Source records:
──────────────────────────────

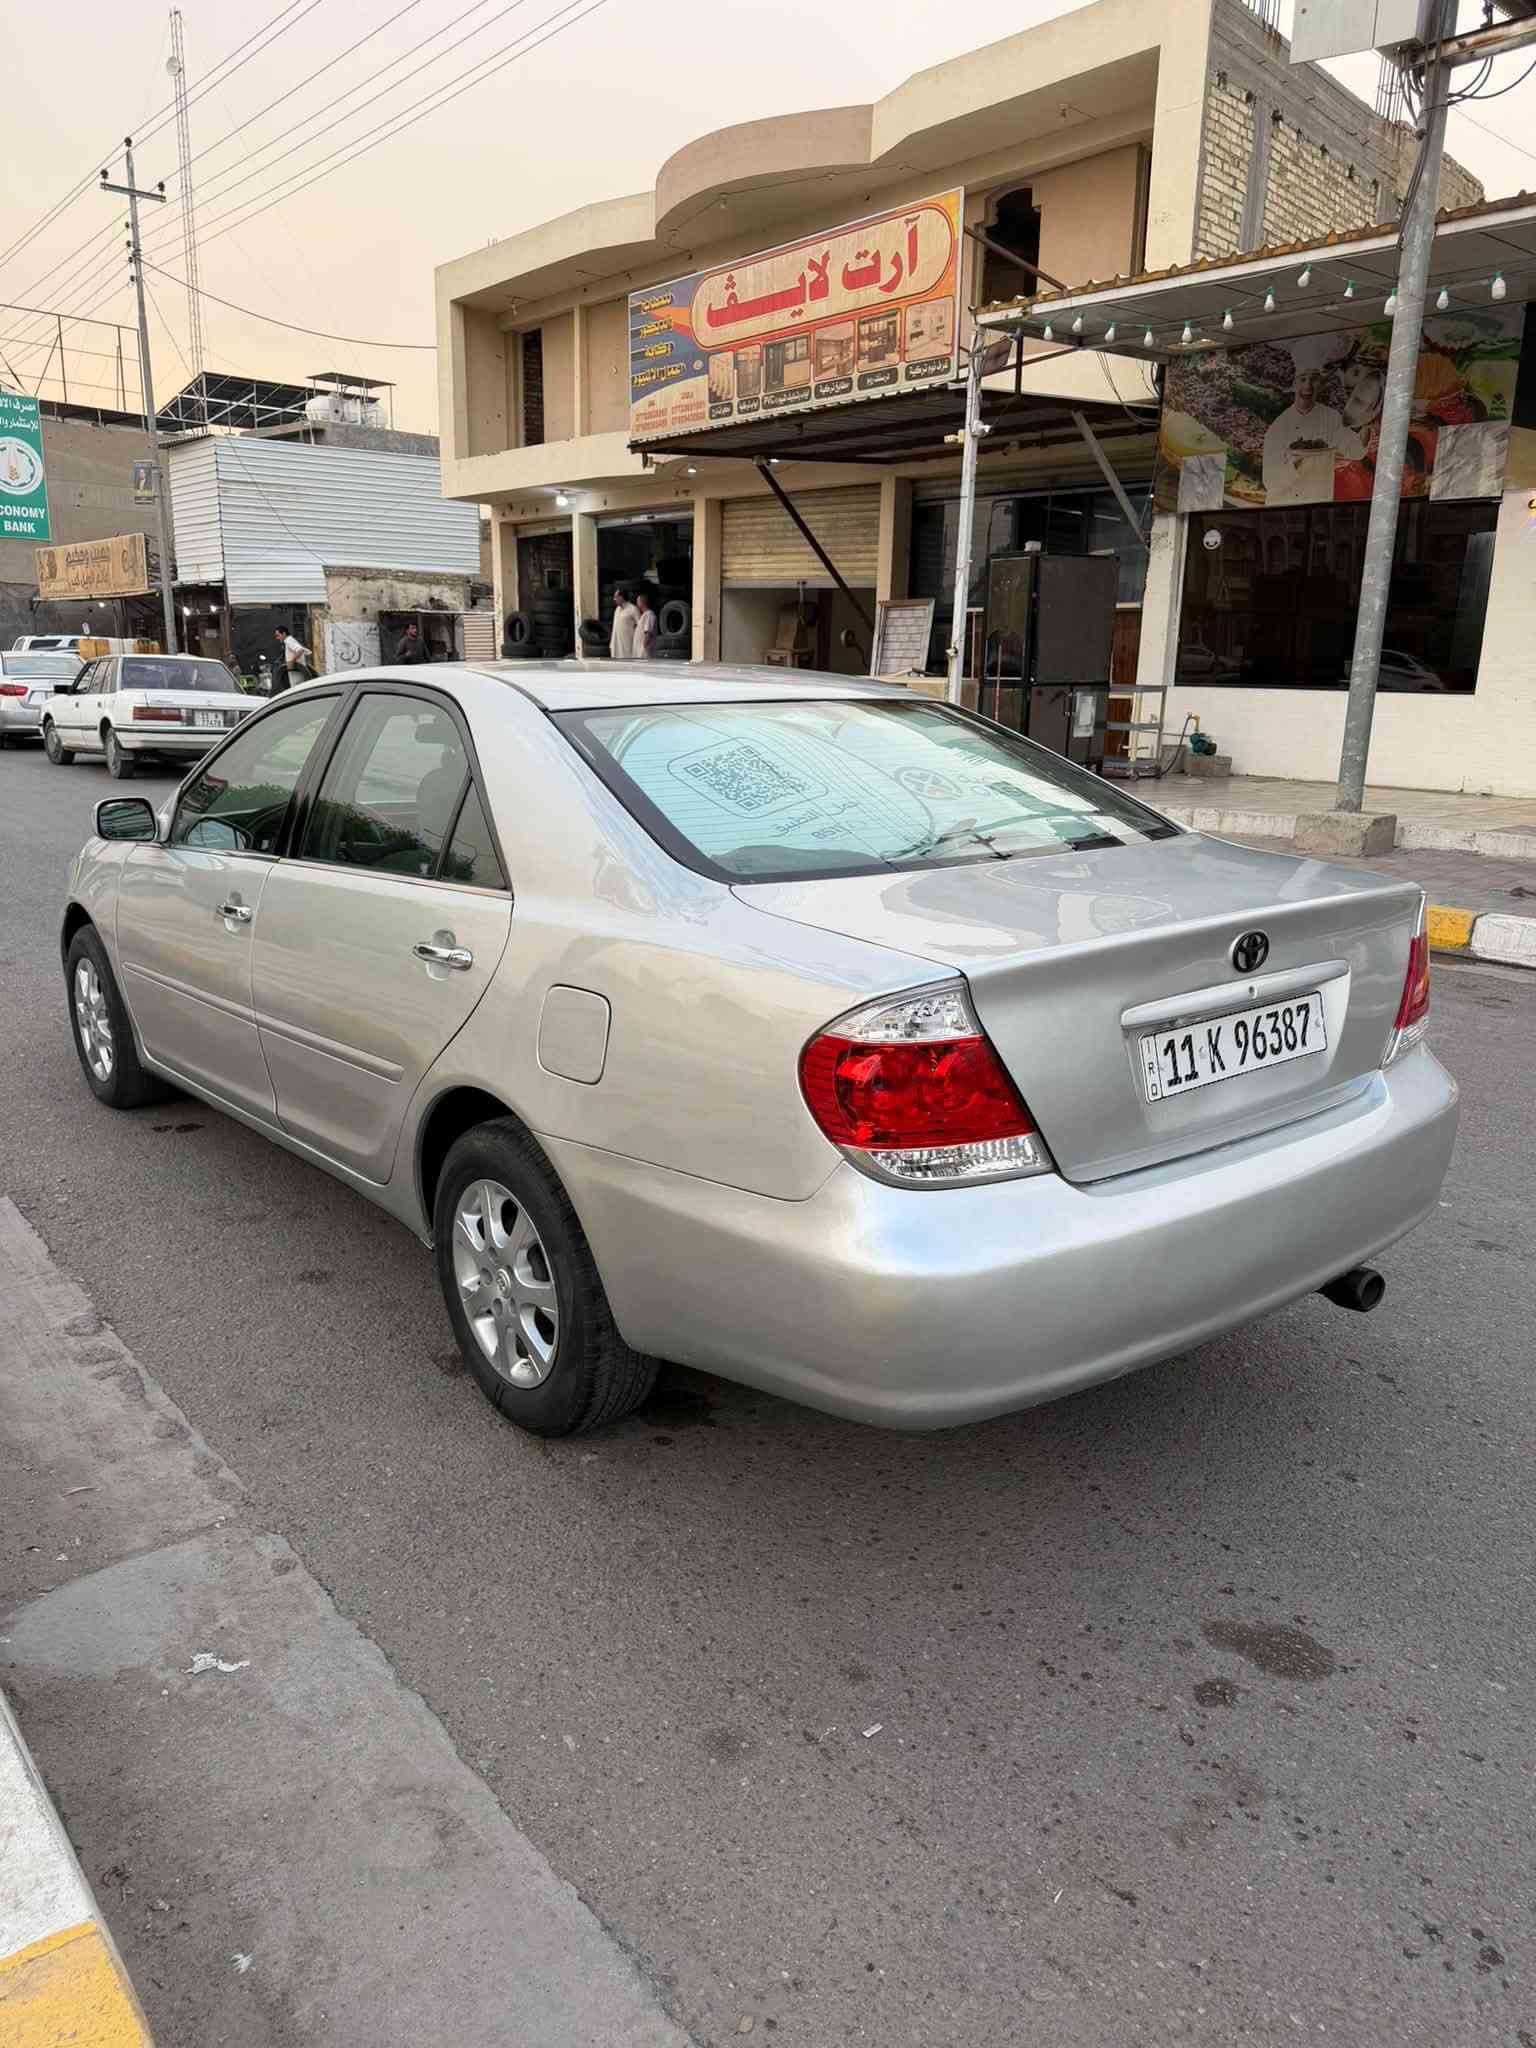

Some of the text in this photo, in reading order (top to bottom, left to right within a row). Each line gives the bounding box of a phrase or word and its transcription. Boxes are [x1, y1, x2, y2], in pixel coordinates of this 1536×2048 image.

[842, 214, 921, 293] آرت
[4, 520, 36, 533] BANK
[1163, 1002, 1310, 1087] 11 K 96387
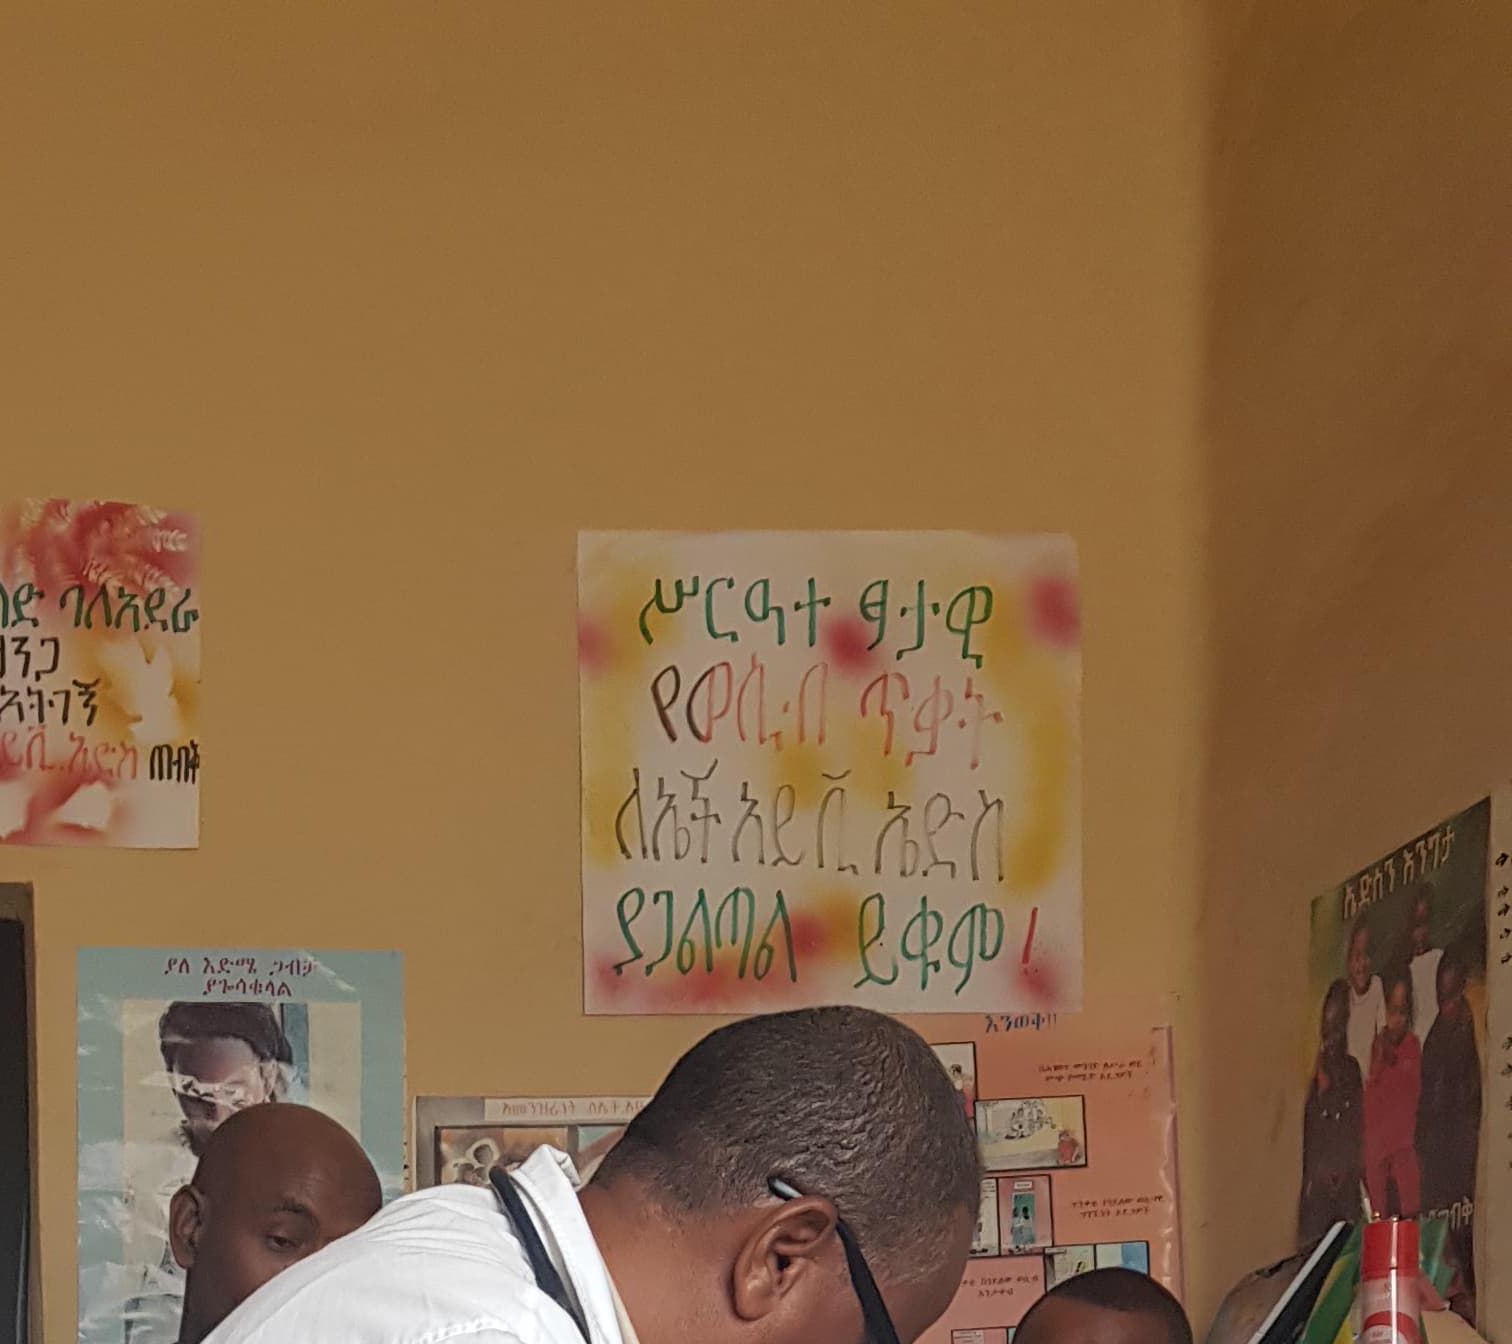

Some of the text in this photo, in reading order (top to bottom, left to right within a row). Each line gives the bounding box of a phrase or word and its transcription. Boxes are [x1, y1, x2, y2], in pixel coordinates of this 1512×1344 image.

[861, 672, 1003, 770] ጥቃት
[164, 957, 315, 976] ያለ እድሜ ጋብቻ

──────────────────────────────

### What is expected
Would you provide an exact, picture-free copy of the data above?

### Output
Some of the text in this photo, in reading order (top to bottom, left to right within a row). Each line gives the bounding box of a phrase or word and its transcription. Boxes are [x1, y1, x2, y2], in pixel coordinates of this 1536×2048 image.

[842, 214, 921, 293] آرت
[4, 520, 36, 533] BANK
[1163, 1002, 1310, 1087] 11 K 96387

Some of the text in this photo, in reading order (top to bottom, left to right within a row). Each line gives the bounding box of a phrase or word and its transcription. Boxes are [x1, y1, x2, y2], in pixel coordinates of this 1512×1344 image.

[861, 672, 1003, 770] ጥቃት
[164, 957, 315, 976] ያለ እድሜ ጋብቻ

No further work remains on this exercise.